Directions
In full and without alteration, print the entries that follow.

(Saved data entries)
__________
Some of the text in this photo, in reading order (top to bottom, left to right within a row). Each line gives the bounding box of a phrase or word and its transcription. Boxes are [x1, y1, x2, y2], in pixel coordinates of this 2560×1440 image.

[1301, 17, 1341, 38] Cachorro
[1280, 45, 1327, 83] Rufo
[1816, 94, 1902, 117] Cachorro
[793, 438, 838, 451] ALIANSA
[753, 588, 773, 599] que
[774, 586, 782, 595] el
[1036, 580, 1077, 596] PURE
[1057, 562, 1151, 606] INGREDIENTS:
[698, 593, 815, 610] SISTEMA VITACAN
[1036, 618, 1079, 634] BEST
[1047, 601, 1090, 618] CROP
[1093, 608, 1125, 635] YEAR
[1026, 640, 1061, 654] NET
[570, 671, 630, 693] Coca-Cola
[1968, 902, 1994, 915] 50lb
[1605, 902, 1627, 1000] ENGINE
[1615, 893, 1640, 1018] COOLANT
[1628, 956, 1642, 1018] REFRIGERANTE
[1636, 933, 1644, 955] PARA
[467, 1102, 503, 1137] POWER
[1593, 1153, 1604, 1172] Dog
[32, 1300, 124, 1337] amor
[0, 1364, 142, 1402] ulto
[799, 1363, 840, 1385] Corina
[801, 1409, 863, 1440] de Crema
__________
Result of the task
Some of the text in this photo, in reading order (top to bottom, left to right within a row). Each line gives the bounding box of a phrase or word and its transcription. Boxes are [x1, y1, x2, y2], in pixel coordinates of this 2560×1440 image.

[1301, 17, 1341, 38] Cachorro
[1280, 45, 1327, 83] Rufo
[1816, 94, 1902, 117] Cachorro
[793, 438, 838, 451] ALIANSA
[753, 588, 773, 599] que
[774, 586, 782, 595] el
[1036, 580, 1077, 596] PURE
[1057, 562, 1151, 606] INGREDIENTS:
[698, 593, 815, 610] SISTEMA VITACAN
[1036, 618, 1079, 634] BEST
[1047, 601, 1090, 618] CROP
[1093, 608, 1125, 635] YEAR
[1026, 640, 1061, 654] NET
[570, 671, 630, 693] Coca-Cola
[1968, 902, 1994, 915] 50lb
[1605, 902, 1627, 1000] ENGINE
[1615, 893, 1640, 1018] COOLANT
[1628, 956, 1642, 1018] REFRIGERANTE
[1636, 933, 1644, 955] PARA
[467, 1102, 503, 1137] POWER
[1593, 1153, 1604, 1172] Dog
[32, 1300, 124, 1337] amor
[0, 1364, 142, 1402] ulto
[799, 1363, 840, 1385] Corina
[801, 1409, 863, 1440] de Crema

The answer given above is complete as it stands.